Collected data

-- Opening Marker --

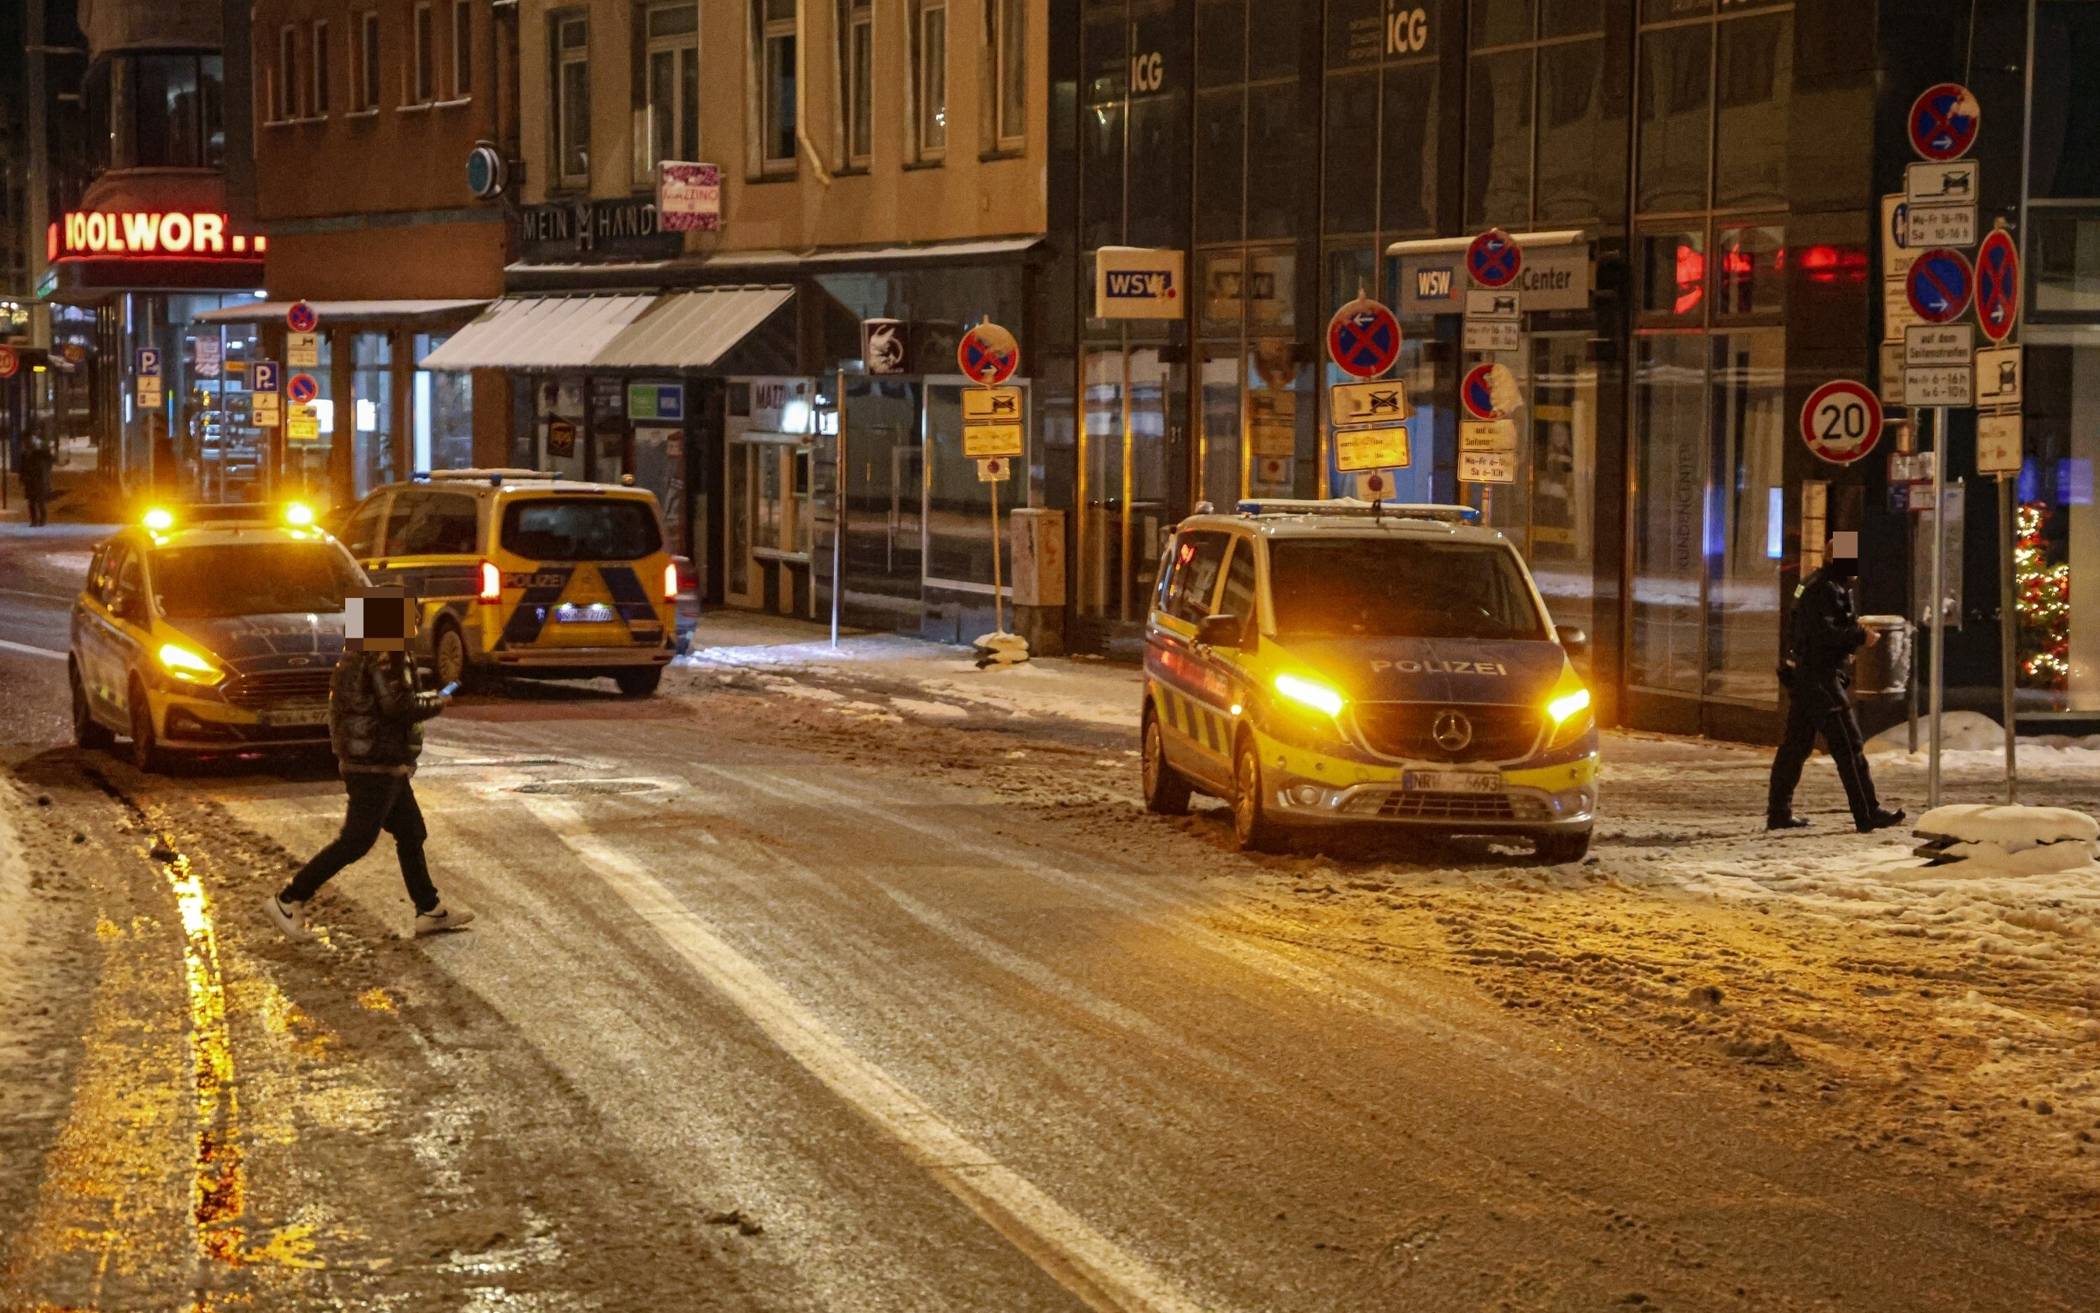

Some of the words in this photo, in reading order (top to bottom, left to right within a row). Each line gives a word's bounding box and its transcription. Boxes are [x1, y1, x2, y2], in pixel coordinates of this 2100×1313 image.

[1387, 8, 1428, 55] ICG
[1131, 52, 1164, 92] ICG
[523, 209, 567, 241] MEIN
[1417, 271, 1451, 296] WSW
[255, 365, 272, 389] P
[1821, 402, 1864, 440] 20
[1369, 659, 1507, 677] POLIZEI

-- Closing Marker --

▸ Required work:
Take the entries above and restate them word for word, minus their images.

▸ The completed task:
Some of the words in this photo, in reading order (top to bottom, left to right within a row). Each line gives a word's bounding box and its transcription. Boxes are [x1, y1, x2, y2], in pixel coordinates of this 2100×1313 image.

[1387, 8, 1428, 55] ICG
[1131, 52, 1164, 92] ICG
[523, 209, 567, 241] MEIN
[1417, 271, 1451, 296] WSW
[255, 365, 272, 389] P
[1821, 402, 1864, 440] 20
[1369, 659, 1507, 677] POLIZEI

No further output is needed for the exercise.